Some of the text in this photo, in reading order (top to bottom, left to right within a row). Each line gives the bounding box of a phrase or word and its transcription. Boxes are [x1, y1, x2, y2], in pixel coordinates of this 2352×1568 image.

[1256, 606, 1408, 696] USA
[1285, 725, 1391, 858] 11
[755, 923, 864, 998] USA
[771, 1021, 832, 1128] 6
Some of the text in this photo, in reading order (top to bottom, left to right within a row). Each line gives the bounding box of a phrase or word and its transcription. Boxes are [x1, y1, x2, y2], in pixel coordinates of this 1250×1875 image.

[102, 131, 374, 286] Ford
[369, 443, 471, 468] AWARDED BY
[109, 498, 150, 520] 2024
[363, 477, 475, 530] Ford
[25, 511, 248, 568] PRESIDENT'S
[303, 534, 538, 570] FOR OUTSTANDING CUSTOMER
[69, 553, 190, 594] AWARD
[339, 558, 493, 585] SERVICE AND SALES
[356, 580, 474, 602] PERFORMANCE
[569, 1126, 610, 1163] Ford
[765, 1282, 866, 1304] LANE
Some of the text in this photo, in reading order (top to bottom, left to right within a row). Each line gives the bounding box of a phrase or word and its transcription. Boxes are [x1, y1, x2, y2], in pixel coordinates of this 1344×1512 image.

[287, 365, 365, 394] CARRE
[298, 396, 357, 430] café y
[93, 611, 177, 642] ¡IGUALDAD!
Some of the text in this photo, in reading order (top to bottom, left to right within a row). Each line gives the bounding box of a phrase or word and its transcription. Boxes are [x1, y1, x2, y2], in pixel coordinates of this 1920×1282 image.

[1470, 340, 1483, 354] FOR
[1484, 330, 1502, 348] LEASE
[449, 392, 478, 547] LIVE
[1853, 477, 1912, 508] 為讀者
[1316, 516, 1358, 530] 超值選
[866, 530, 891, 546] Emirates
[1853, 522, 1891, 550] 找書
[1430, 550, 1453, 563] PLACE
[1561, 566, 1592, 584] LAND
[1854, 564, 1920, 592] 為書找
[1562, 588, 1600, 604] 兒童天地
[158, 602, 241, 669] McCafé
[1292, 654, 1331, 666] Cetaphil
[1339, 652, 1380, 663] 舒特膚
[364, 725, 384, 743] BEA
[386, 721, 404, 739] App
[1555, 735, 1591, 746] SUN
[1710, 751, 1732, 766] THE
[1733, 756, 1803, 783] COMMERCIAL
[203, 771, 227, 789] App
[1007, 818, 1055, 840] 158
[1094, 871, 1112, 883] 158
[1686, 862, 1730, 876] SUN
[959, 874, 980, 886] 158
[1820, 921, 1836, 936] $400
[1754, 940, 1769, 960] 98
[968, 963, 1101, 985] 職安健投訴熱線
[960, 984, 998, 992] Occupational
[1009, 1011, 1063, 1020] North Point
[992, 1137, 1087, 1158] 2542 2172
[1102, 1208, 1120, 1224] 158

══════════════════════════════

• [Task to complete] Find the line that contains "this 1920×1282 image.". Copy it and every line after it to the end of the records, exactly, and nothing more.

• [Exercise output]
Some of the text in this photo, in reading order (top to bottom, left to right within a row). Each line gives the bounding box of a phrase or word and its transcription. Boxes are [x1, y1, x2, y2], in pixel coordinates of this 1920×1282 image.

[1470, 340, 1483, 354] FOR
[1484, 330, 1502, 348] LEASE
[449, 392, 478, 547] LIVE
[1853, 477, 1912, 508] 為讀者
[1316, 516, 1358, 530] 超值選
[866, 530, 891, 546] Emirates
[1853, 522, 1891, 550] 找書
[1430, 550, 1453, 563] PLACE
[1561, 566, 1592, 584] LAND
[1854, 564, 1920, 592] 為書找
[1562, 588, 1600, 604] 兒童天地
[158, 602, 241, 669] McCafé
[1292, 654, 1331, 666] Cetaphil
[1339, 652, 1380, 663] 舒特膚
[364, 725, 384, 743] BEA
[386, 721, 404, 739] App
[1555, 735, 1591, 746] SUN
[1710, 751, 1732, 766] THE
[1733, 756, 1803, 783] COMMERCIAL
[203, 771, 227, 789] App
[1007, 818, 1055, 840] 158
[1094, 871, 1112, 883] 158
[1686, 862, 1730, 876] SUN
[959, 874, 980, 886] 158
[1820, 921, 1836, 936] $400
[1754, 940, 1769, 960] 98
[968, 963, 1101, 985] 職安健投訴熱線
[960, 984, 998, 992] Occupational
[1009, 1011, 1063, 1020] North Point
[992, 1137, 1087, 1158] 2542 2172
[1102, 1208, 1120, 1224] 158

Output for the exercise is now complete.